:: Given records

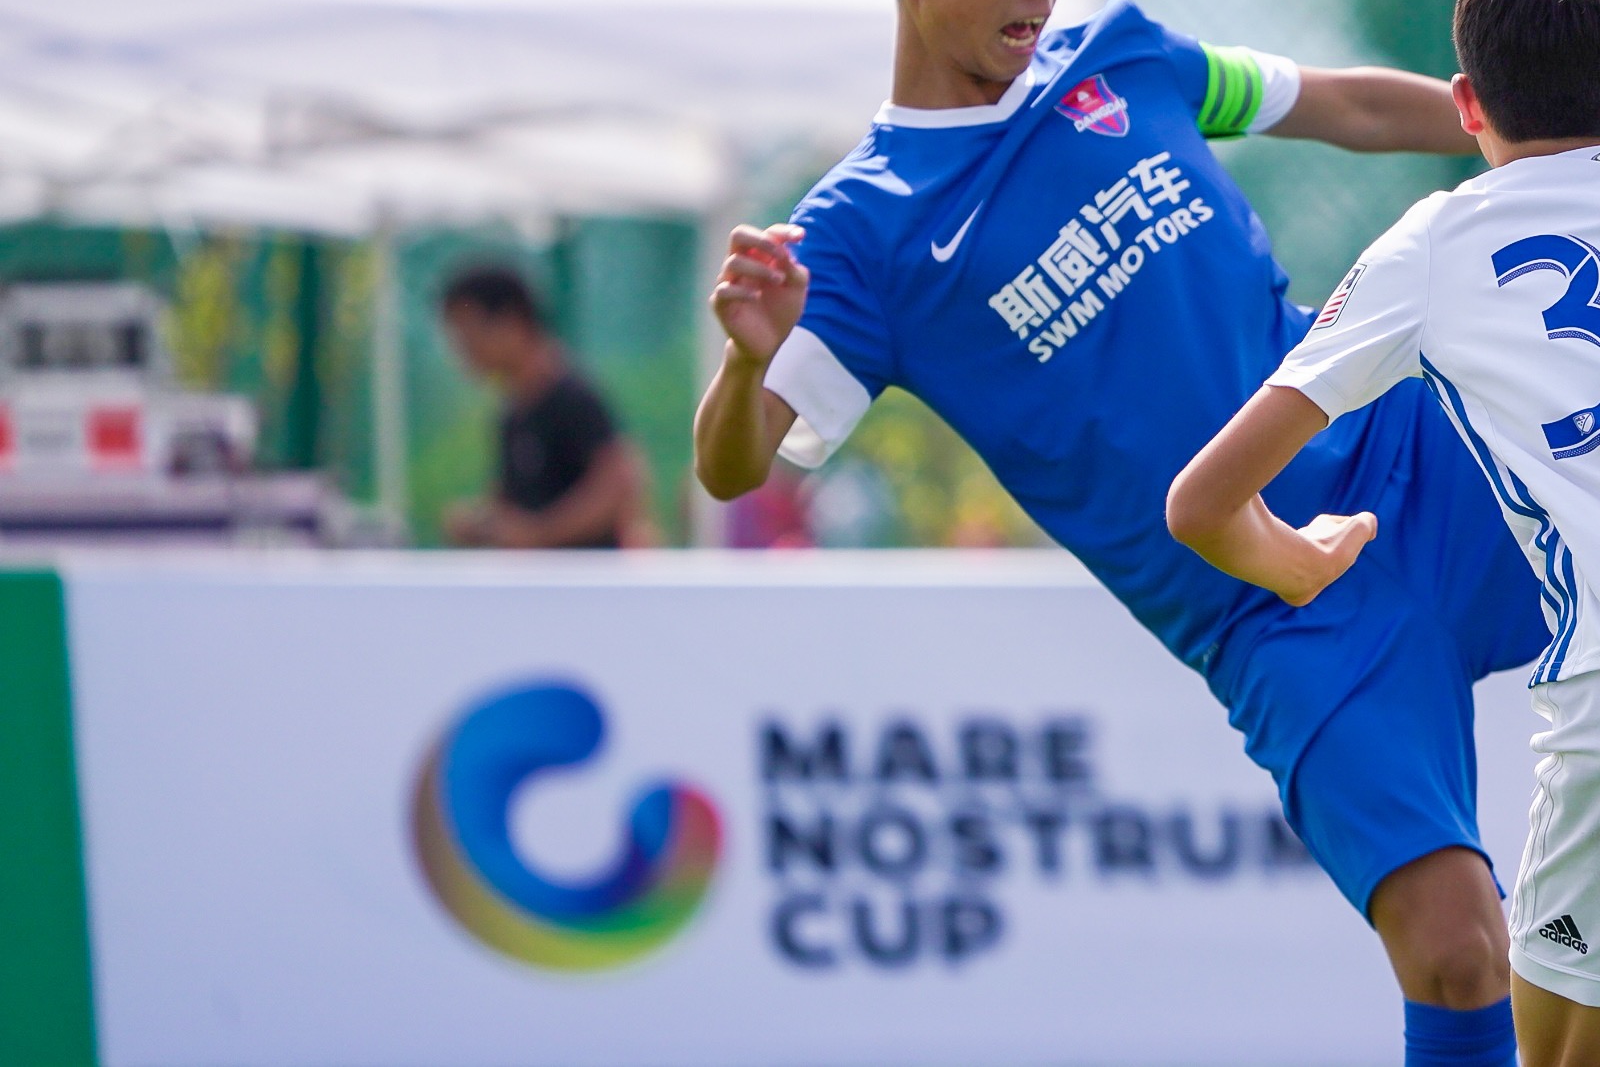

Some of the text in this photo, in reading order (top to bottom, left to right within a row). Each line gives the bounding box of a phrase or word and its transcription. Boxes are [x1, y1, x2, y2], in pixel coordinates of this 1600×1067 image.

[988, 151, 1191, 339] 斯威汽车
[1028, 198, 1215, 363] SWM MOTORS
[758, 717, 1094, 786] MARE
[767, 897, 1004, 970] CUP
[1538, 927, 1589, 955] adidas

::::

=== Task brief ===
Pictures do not belong in the copy; repeat the rest of the listing exactly.

=== Written answer ===
Some of the text in this photo, in reading order (top to bottom, left to right within a row). Each line gives the bounding box of a phrase or word and its transcription. Boxes are [x1, y1, x2, y2], in pixel coordinates of this 1600×1067 image.

[988, 151, 1191, 339] 斯威汽车
[1028, 198, 1215, 363] SWM MOTORS
[758, 717, 1094, 786] MARE
[767, 897, 1004, 970] CUP
[1538, 927, 1589, 955] adidas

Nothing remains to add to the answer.